C'est dit comme si tu avais trouvé ça nul!
Ce n'est pas le meilleur pour moi, mais l'originalité de l'histoire et le décalage de ton m'ont vraiment plu!
Je les ai tous lus (sauf "l'Oeil de Pâques", introuvable... si quelqu'un a ça près de chez lui...)
Pour moi, le meilleur, c'est Ô Verlaine, mais chacun de ses romans nous plonge dans un univers neuf et inédit.
Il me surprend toujours.
"Rainbow pour Rimbaud" est très poétique, comme "Balade pour un père oublié", très bien écrit. "Bord cadre" est celui qui m'a le moins marqué (et pourtant, je me souviens l'avoir bien aimé aussi)
Ce n'est pas le meilleur pour moi, mais l'originalité de l'histoire et le décalage de ton m'ont vraiment plu!
Je les ai tous lus (sauf "l'Oeil de Pâques", introuvable... si quelqu'un a ça près de chez lui...)
Pour moi, le meilleur, c'est Ô Verlaine, mais chacun de ses romans nous plonge dans un univers neuf et inédit.
Il me surprend toujours.
"Rainbow pour Rimbaud" est très poétique, comme "Balade pour un père oublié", très bien écrit. "Bord cadre" est celui qui m'a le moins marqué (et pourtant, je me souviens l'avoir bien aimé aussi)

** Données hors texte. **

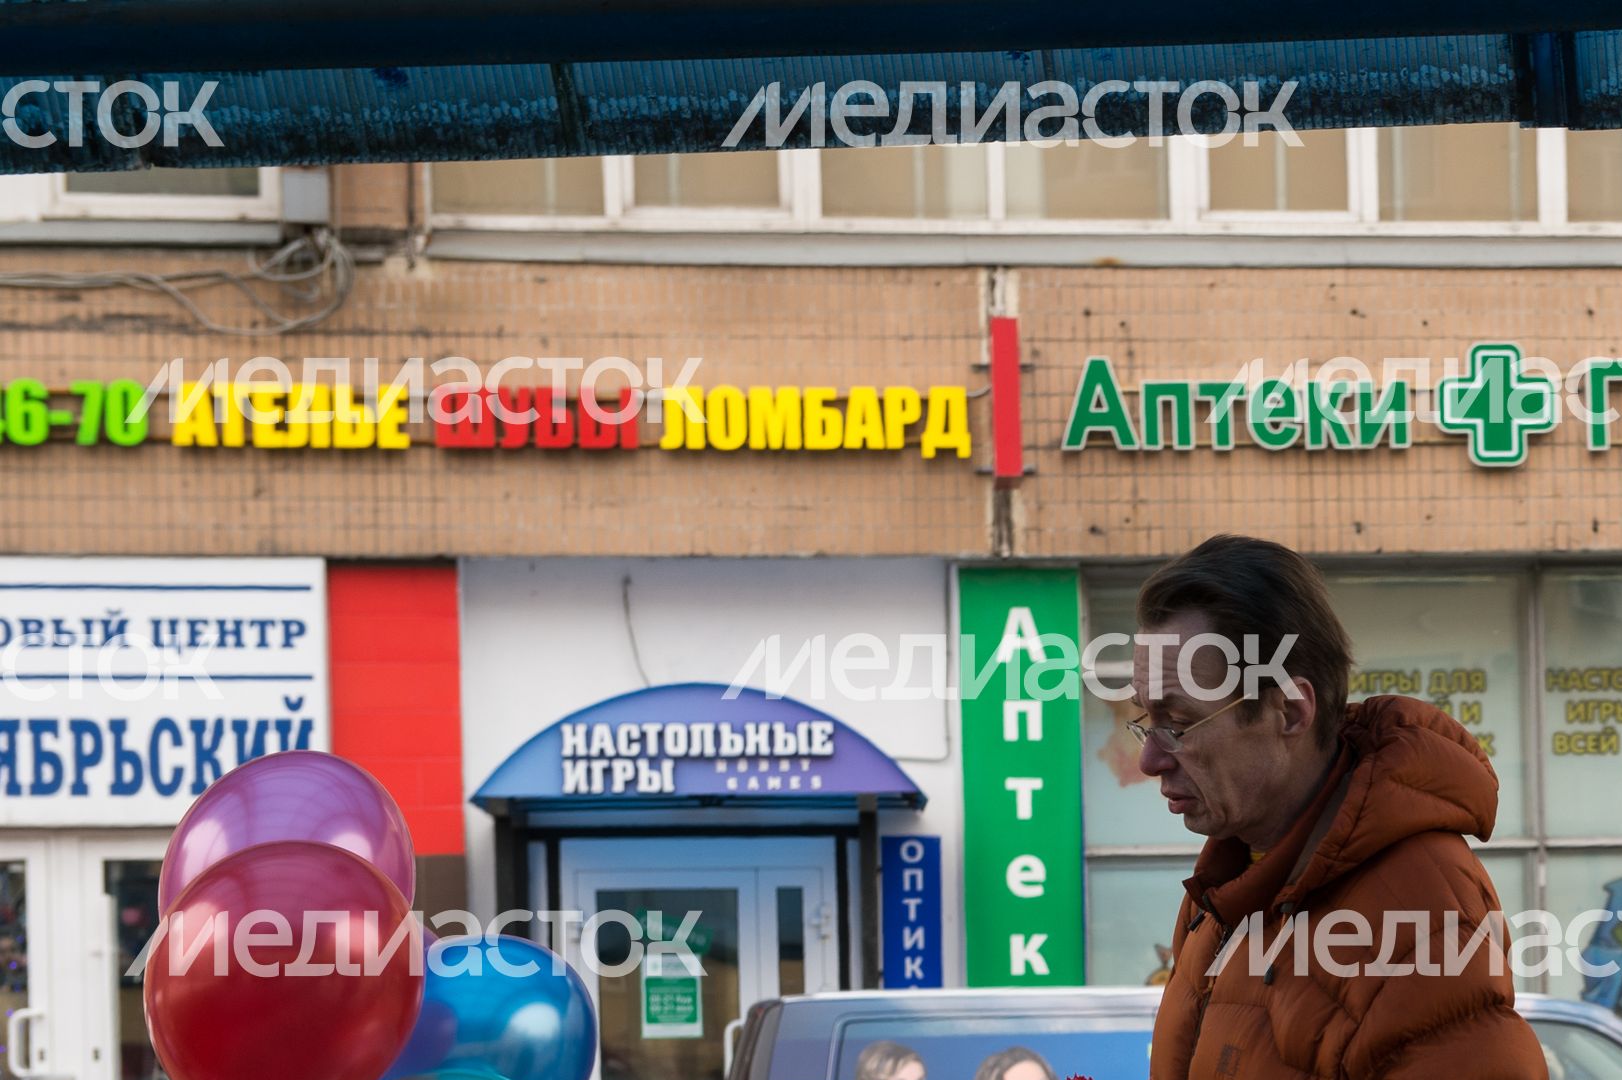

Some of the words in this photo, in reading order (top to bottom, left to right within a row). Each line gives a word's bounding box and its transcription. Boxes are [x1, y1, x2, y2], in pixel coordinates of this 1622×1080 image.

[0, 378, 148, 446] 6-70
[172, 381, 411, 448] АТЕЛЬЕ
[434, 386, 639, 448] ШУБЫ
[660, 385, 971, 458] ЛОМБАРД
[1061, 356, 1411, 452] Аптеки
[150, 617, 307, 655] ЦЕНТР
[1427, 669, 1487, 695] ДЛЯ
[560, 721, 834, 758] НАСТОЛЬНЫЕ
[1552, 725, 1620, 755] ВСЕЙ
[561, 758, 675, 794] ИГРЫ
[900, 838, 926, 989] ОПТИК
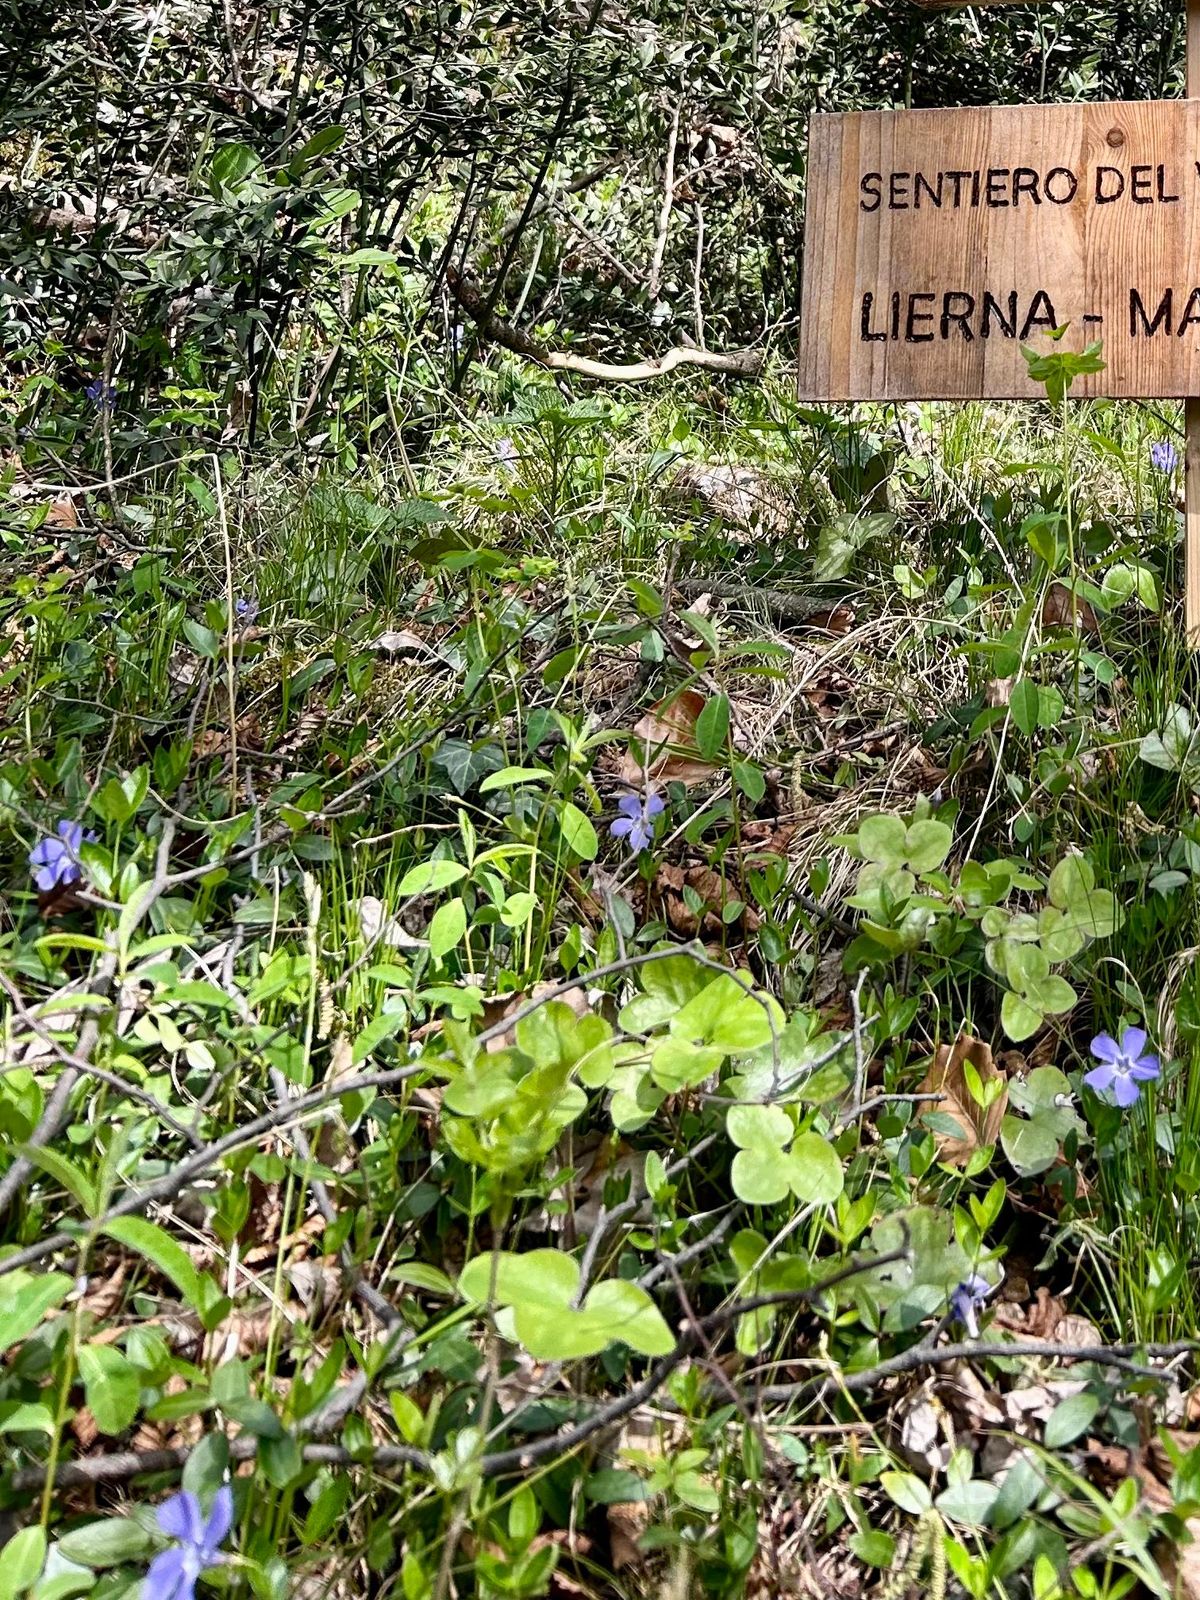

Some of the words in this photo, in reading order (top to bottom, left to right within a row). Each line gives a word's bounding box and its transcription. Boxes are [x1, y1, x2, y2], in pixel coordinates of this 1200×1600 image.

[859, 166, 1078, 213] SENTIERO
[1094, 163, 1179, 205] DEL
[860, 290, 1058, 343] LIERNA
[1083, 314, 1103, 324] -
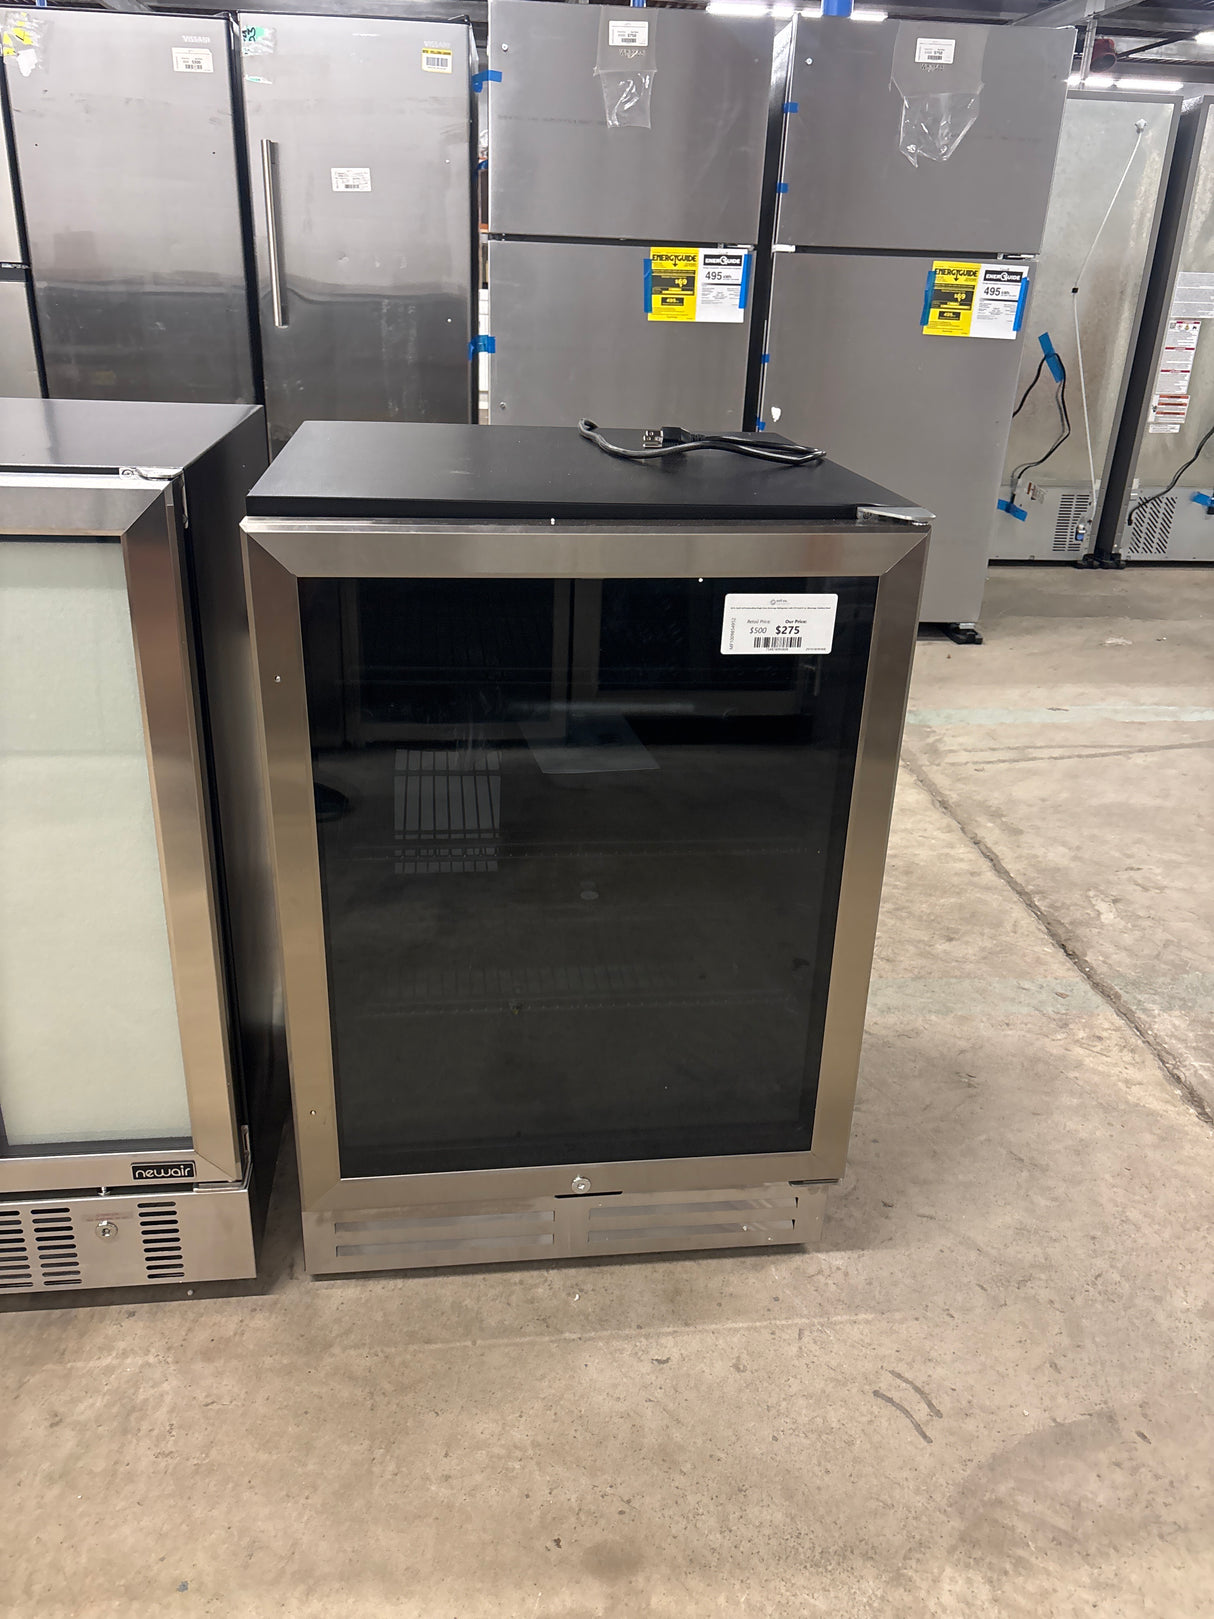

Ezéchiel- Vergilius' forest
- Nombre de messages : 49
Date d'inscription : 08/10/2008
Re: Les poètes de Teulé
Tu exagères! Où vois-tu ça?Ezéchiel a écrit:C'est dit comme si tu avais trouvé ça nul!
Verlaine marquant, Villon encore plus, avec cet emmurement dans le cimetière...
Kashima- Faux-monnayeur
- Nombre de messages : 6546
Date d'inscription : 29/09/2008
Charly 9
Dans Charly 9, le dernier roman en date de Jean Teulé, on trouve aussi des poètes : Ronsard est un vieux libidineux qui court après les soubrettes ; le roi lui demande de lui écrire sa Franciade en décasyllabes, et la chose rebute le poète : il doit chanter les exploits de Francus et ce poème épique restera inachevé.
On croise aussi un autre poète de la Pléiade, De Baïf, ainsi que Dorat.
Ce Charly 9 ne mérite pas les critiques négatives que j'ai pu lire (cf. Les Inrockuptibles) qui le classaient dans les navets :
" Idem dans Charly 9. Jean Teulé tente d'amuser la galerie avec une farce indigeste autour des massacres de la Saint-Barthélemy (sujet fendard s'il en est). Pour faire plus XVIe siècle, Teulé sature son texte de fraises et de collerettes, d'interjections d'une truculence qui se veut rabelaisienne - "crétin fécal", "par la chiasse de la Vierge"... - et rimaille à tout-va, osant d'audacieuses associations comme "Pléiade" et "salade". Quel fieffé faquin ce Jeannot."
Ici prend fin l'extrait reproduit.